Cuarto domingo de trabajos. Los carpinteros terminaron la estructura pasado el mediodía. No era un escenario, no, más bien semejaba un cadalso de los que aparecen en las películas del oeste estadounidense. Tenía un agujero con una tapa corrediza en el centro y un arco construido con troncos de pino descascarado.
A las diecisiete en punto de aquel día se escucharon los tañidos alargados de la campana de plata de la parroquia. Los vecinos, atrapados en un extraño sopor, iban orando y cantando despacito hacia la plaza. Los muros relucían con la modestia del adobe pintado con cal. Una atmósfera enrarecida se apoderó del pueblo entero y de la plaza en particular, una atmósfera de un espesor como el que se siente en lugares cerrados por mucho tiempo o en bares donde el humo y el calor transforman el aire en una masa sórdida. No corría una sola brisa, no pasaban automóviles ni carretas, ni siquiera los pájaros se atrevían a romper el silencio y la inmovilidad que por momentos imperaba.
Un hecho inesperado rompió aquel reposo indestructible. Grupos de pobladores varones se acercaron con cánticos, gritos, bailes raros y, más que raros, antiguos, muy antiguos, de la época colonial y quizá más atrás, del medioevo europeo. Traían amarrado de pies y manos al Tito González y lo dejaron en una silla encima del cadalso.
Minutos después, desde el sector del hospital, aparecieron mujeres vestidas completamente de negro, entonando las mismas canciones y ejecutando lo que parecía una danza fúnebre. Raquel venía atada y con los gestos del terror en los ojos. Se produjo un silencio perfecto una vez que la mujer fue puesta en la tarima. Los siete dignatarios que participaron en los interrogatorios ocuparon los asientos ubicados delante del cadalso. El párroco, vestido con sotana negra, se levantó para dirigirse a la muchedumbre que a esa hora colmaba la plaza.

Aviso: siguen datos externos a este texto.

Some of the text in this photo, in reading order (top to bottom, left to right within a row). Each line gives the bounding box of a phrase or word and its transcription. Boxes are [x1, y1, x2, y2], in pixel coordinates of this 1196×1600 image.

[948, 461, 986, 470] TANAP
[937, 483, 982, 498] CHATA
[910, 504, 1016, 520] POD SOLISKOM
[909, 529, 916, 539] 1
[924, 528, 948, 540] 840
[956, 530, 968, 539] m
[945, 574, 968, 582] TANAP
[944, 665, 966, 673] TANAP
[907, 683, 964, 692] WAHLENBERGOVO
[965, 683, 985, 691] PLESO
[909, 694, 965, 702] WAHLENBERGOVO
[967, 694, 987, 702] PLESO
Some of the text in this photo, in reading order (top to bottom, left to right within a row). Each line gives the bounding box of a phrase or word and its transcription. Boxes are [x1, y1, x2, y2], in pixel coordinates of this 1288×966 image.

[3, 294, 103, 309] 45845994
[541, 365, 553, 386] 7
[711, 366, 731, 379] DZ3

—Queridos hermanos —dijo, abriendo los brazos con la intención de abarcar a todos los que oían— el hombre y la mujer que se ven en la tarima han sido juzgados bajo las leyes establecidas por el Espíritu Santo en el libro sagrado y encontrados culpables de cometer adulterio. Su conducta sucia, propia de seres depravados, ha envilecido nuestro pueblo ante los ojos del Padre. El jurado, aquí presente, escuchó los testimonios entregados generosamente por varios de ustedes y sentenció con unanimidad la pena máxima. Para ejecutarla, invitamos a don Manuel Medina, esposo de la pecadora y el más perjudicado por lo sucedido. Que se haga la voluntad del Señor.

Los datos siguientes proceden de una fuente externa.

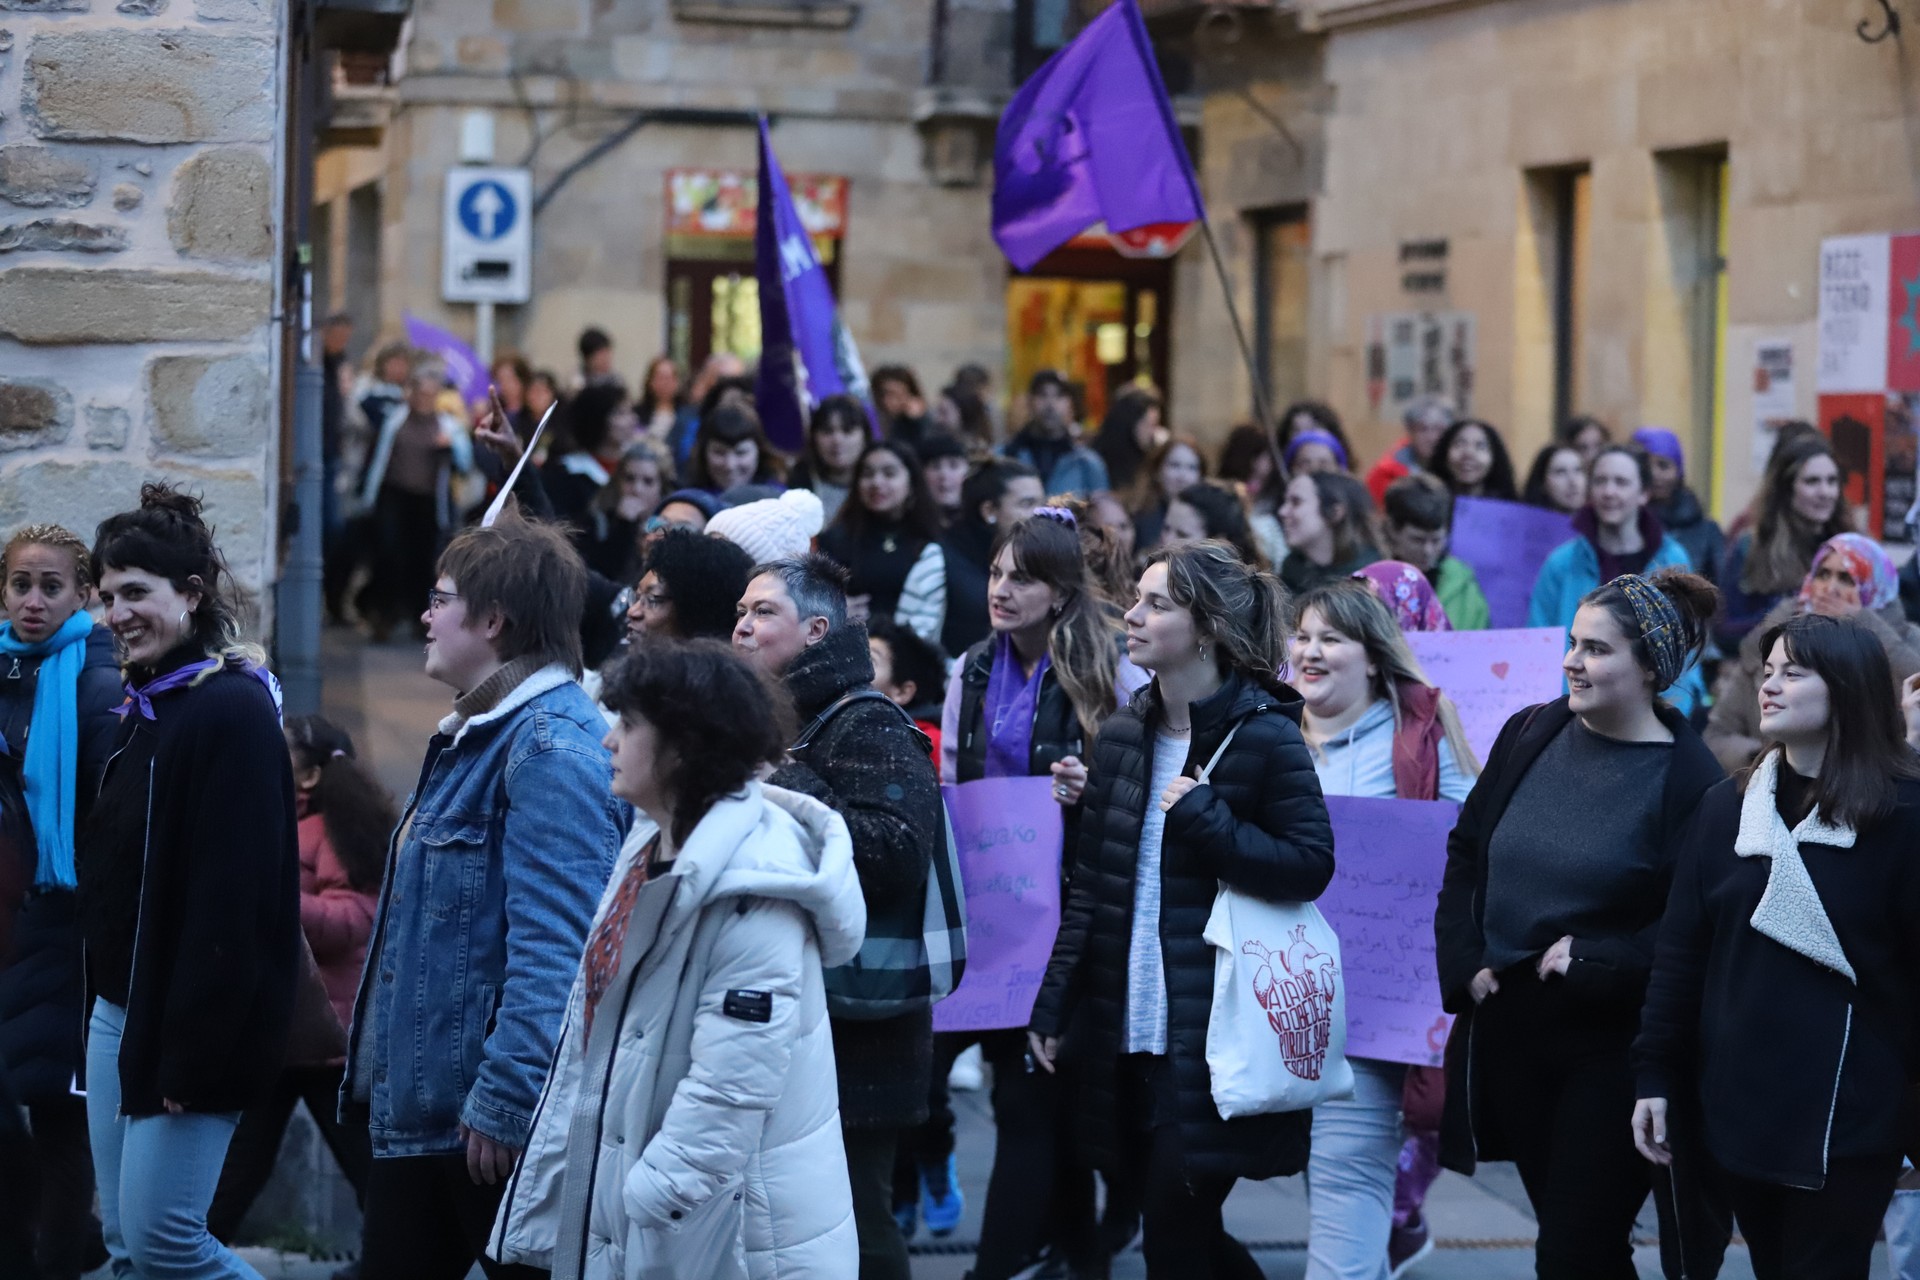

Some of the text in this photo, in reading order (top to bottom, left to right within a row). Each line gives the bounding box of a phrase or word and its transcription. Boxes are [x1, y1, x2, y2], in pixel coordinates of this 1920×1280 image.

[1269, 984, 1281, 1010] A
[1280, 981, 1301, 1009] LA
[1294, 969, 1319, 999] QUE
[1267, 1011, 1291, 1035] NO
[1290, 993, 1332, 1031] OBEDECE
[1279, 1028, 1312, 1060] PORQUE
[1314, 1021, 1330, 1053] SABE
[1284, 1050, 1326, 1082] ESCOGER
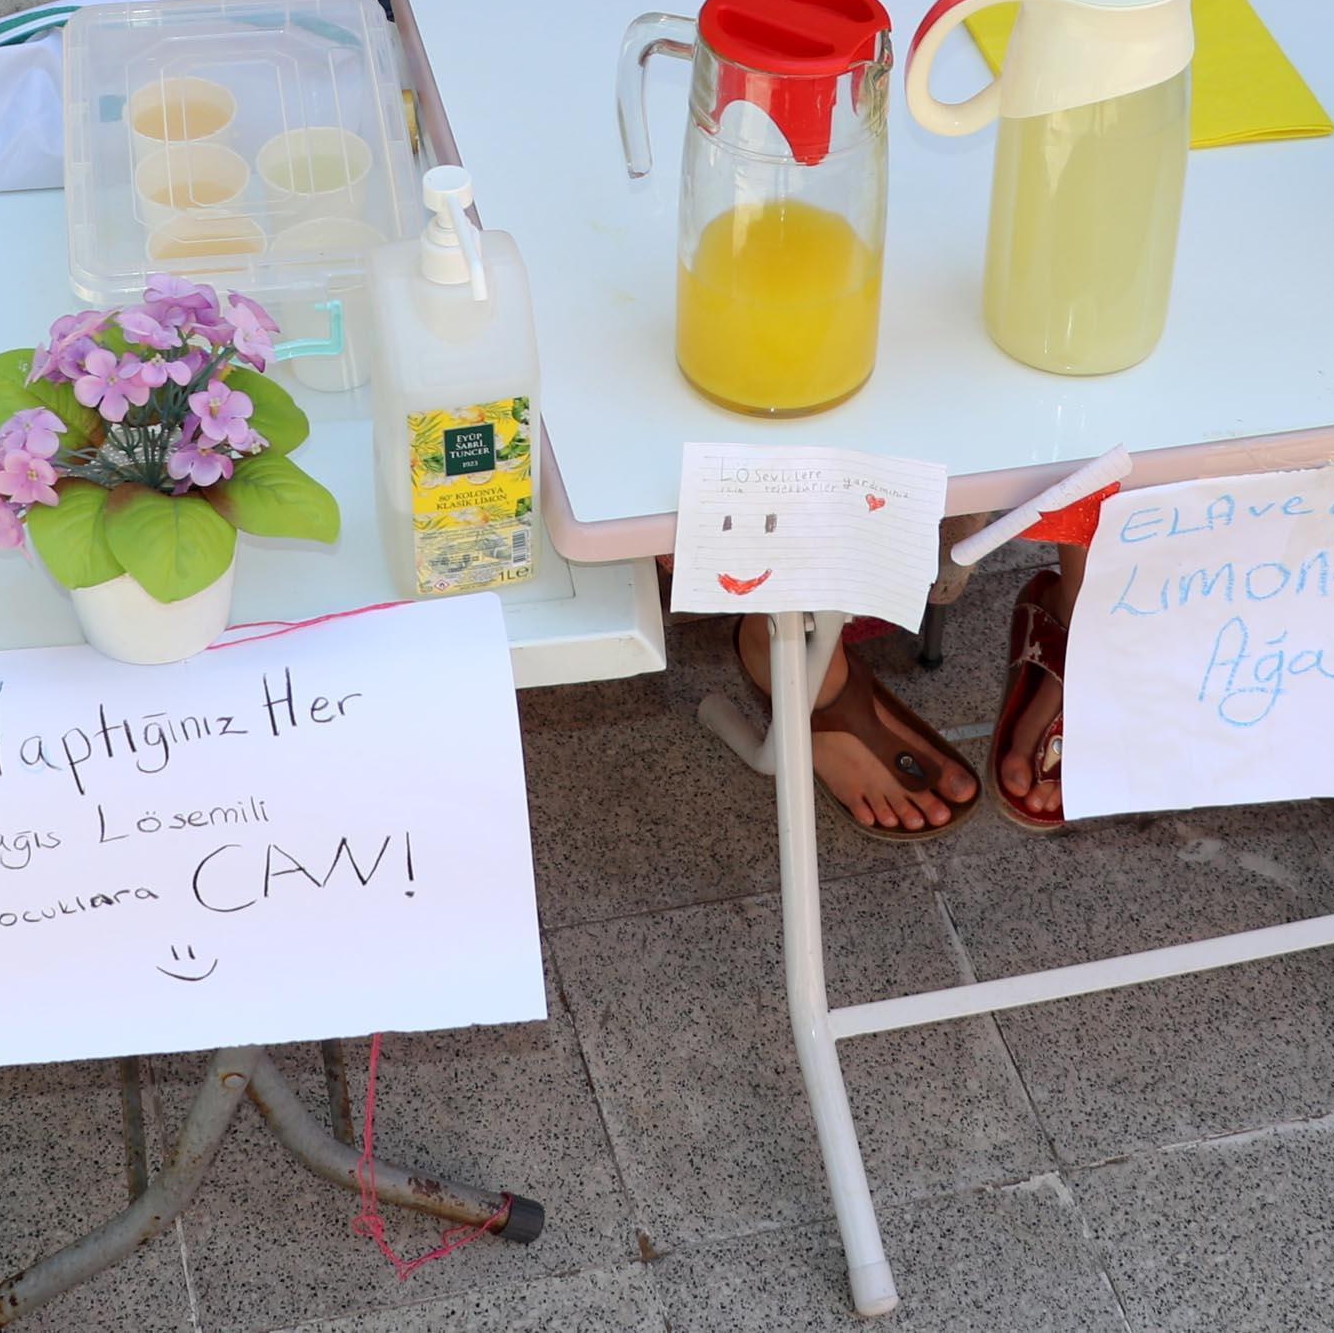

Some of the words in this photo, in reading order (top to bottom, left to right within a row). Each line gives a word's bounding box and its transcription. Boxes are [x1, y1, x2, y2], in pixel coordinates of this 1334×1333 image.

[456, 433, 482, 444] EYÜP
[450, 447, 490, 459] TUNCER
[436, 498, 473, 511] KLASİK
[474, 492, 508, 506] LİMON
[455, 487, 504, 501] KOLONYA
[263, 667, 363, 736] Her
[98, 796, 270, 843] Lösemili
[192, 832, 416, 912] CAN!

—Amén —respondieron los presentes y guardaron silencio.
Manuel, vestido con túnica blanca, salió de entre la multitud mirando a los prisioneros, que permanecían con el mentón pegado al pecho en señal de vergüenza y arrepentimiento. Lo acompañaban tres voluntarios con capucha de verdugo. Los cuatro hombres se arrodillaron y oraron en voz baja, luego se pusieron de pie y levantaron a Raquel y Tito, que temblaban en silencio.
La gente comenzó a cantar, a batir palmas y a gritar: «¡Justicia, justicia, justicia!». Desde el fondo, junto a la entrada del banco, un grupo rezaba en voz alta: «¡Perdónalos, Señor!». A las dieciocho horas exactas, con la plaza llena de cabezas negras y expectantes, los culpables fueron puestos en la plataforma corrediza y colgados por el cuello. Los creyentes oraron y cantaron media hora más, luego salieron con los cadáveres en andas, llegaron hasta un agujero ancho y hondo en las afueras del poblado. Allí, los arrojaron sin cruz, lápida ni palabras de despedida.